In bladder injury, pain is referred to which of the following areas?
NEET-PG 2012 - Physiology NEET-PG Practice Questions and MCQs
Question 201: Which tract is responsible for the loss of proprioception and fine touch?
- A. Anterior spinothalamic tract
- B. Lateral spinothalamic tract
- C. Dorsal column (Correct Answer)
- D. Corticospinal tract
Explanation: ***Dorsal column*** - The **dorsal column-medial lemniscus pathway** is responsible for transmitting **fine touch**, **vibration**, and **proprioception** from the body to the cerebral cortex. - Damage to this tract (e.g., in **tabes dorsalis** or **vitamin B12 deficiency**) leads to a loss of these sensations. *Anterior spinothalamic tract* - This tract primarily conveys crude touch and pressure sensations. - While it carries tactile information, it does not transmit the fine discriminative touch or proprioception associated with the dorsal columns. *Lateral spinothalamic tract* - This pathway is responsible for transmitting **pain** and **temperature** sensations. - It does not play a role in proprioception or fine touch. *Corticospinal tract* - The **corticospinal tract** is a **motor pathway** responsible for voluntary movement. - It has no role in transmitting sensory information such as proprioception or fine touch.

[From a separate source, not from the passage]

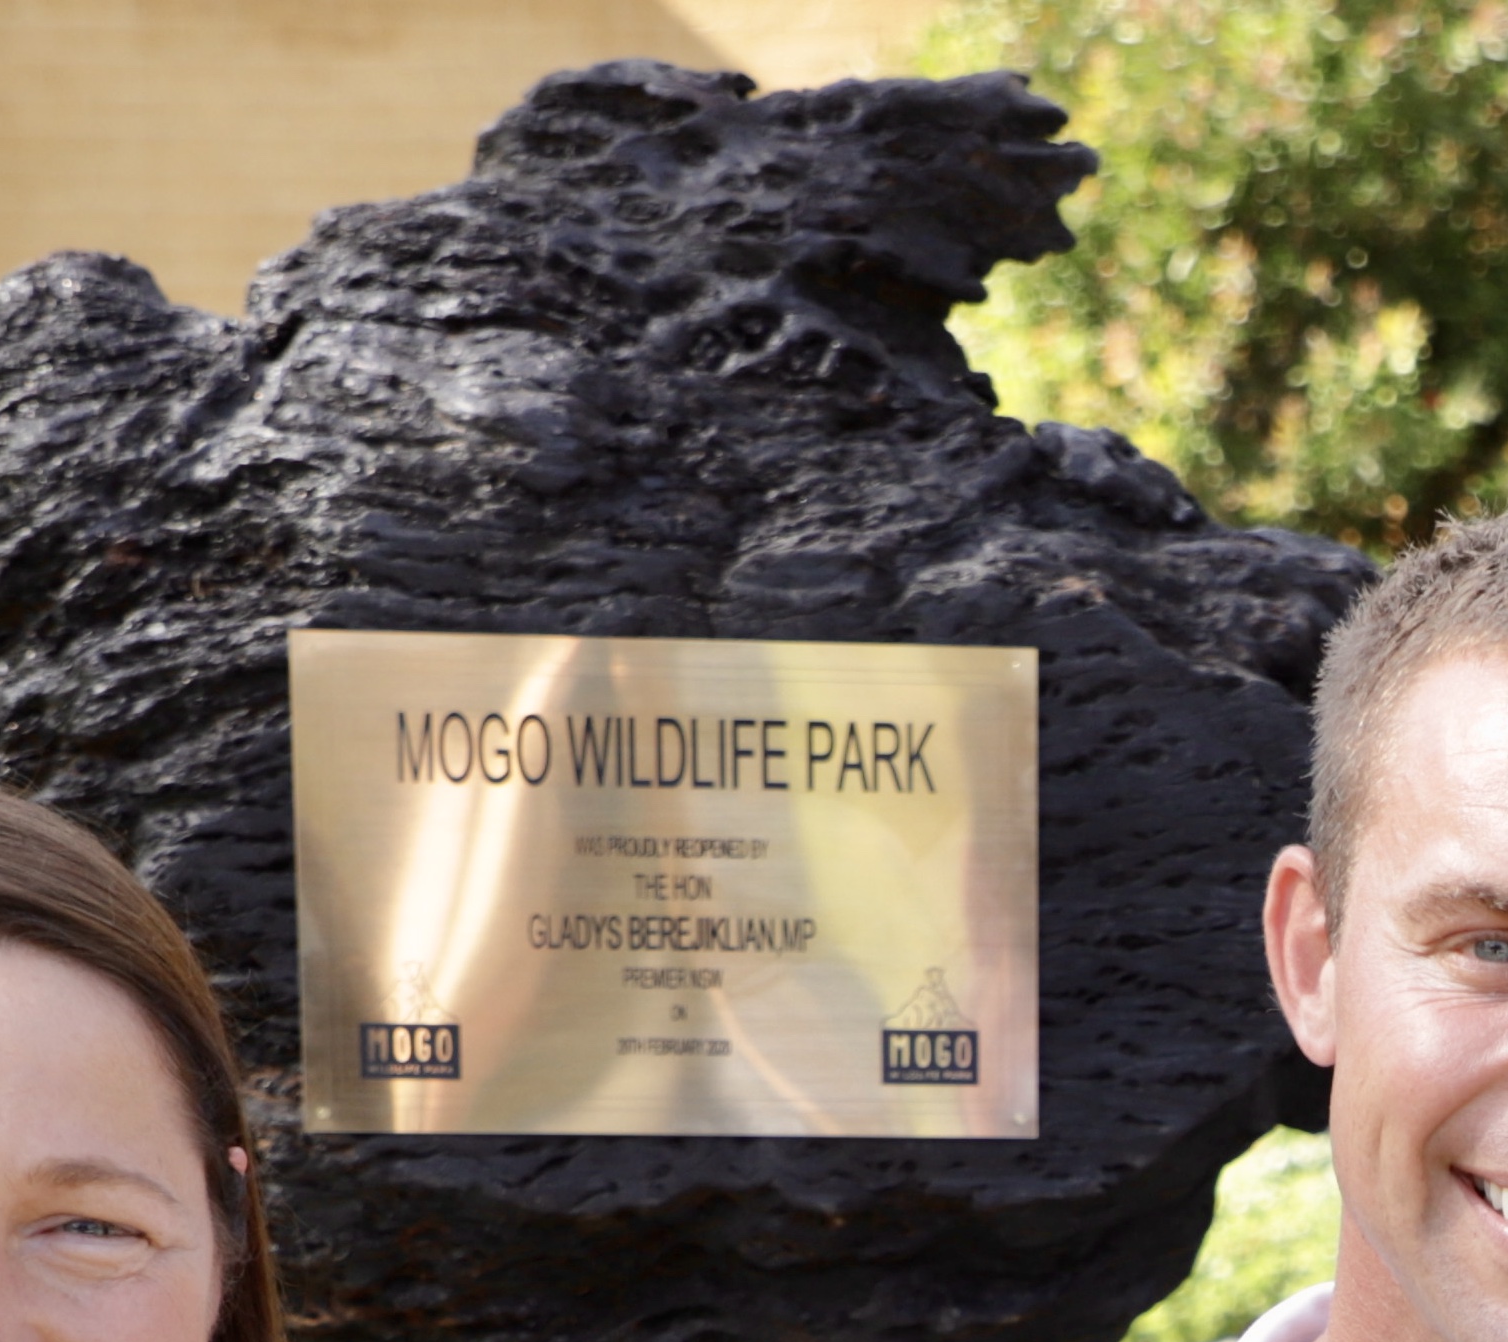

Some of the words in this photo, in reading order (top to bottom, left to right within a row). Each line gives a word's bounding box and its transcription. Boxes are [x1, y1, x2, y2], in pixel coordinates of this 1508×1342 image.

Question 202: In bladder injury, pain is referred to which of the following areas?
- A. Flank
- B. Upper part of thigh
- C. Lower abdominal wall (Correct Answer)
- D. Penis
Explanation: ***Correct Option: Lower abdominal wall*** - **Referred pain** from the bladder is typically felt in the **suprapubic region** of the lower abdominal wall due to shared visceral and somatic afferent innervation. - The **parietal peritoneum** overlying the bladder is innervated by somatic nerves that also supply the abdominal wall. - This convergence of visceral afferents from the bladder and somatic afferents from the abdominal wall at the spinal cord level (particularly S2-S4) results in referred pain to the suprapubic area. *Incorrect Option: Upper part of thigh* - Pain in the upper thigh is more commonly associated with conditions affecting the **hip joint**, **femoral nerve**, or **inguinal region**. - Bladder innervation does not primarily refer pain to the upper thigh. *Incorrect Option: Flank* - Flank pain is typically associated with conditions of the **kidneys** or **ureters**, such as **nephrolithiasis** or **pyelonephritis**. - The bladder's referred pain pattern does not usually extend to the flank. *Incorrect Option: Penis* - While bladder irritation can sometimes cause sensations in the penis, it is more often associated with conditions like **urethritis**, **cystitis**, or **prostatitis**. - Direct referred pain from bladder injury to the penis is less common than to the lower abdominal wall.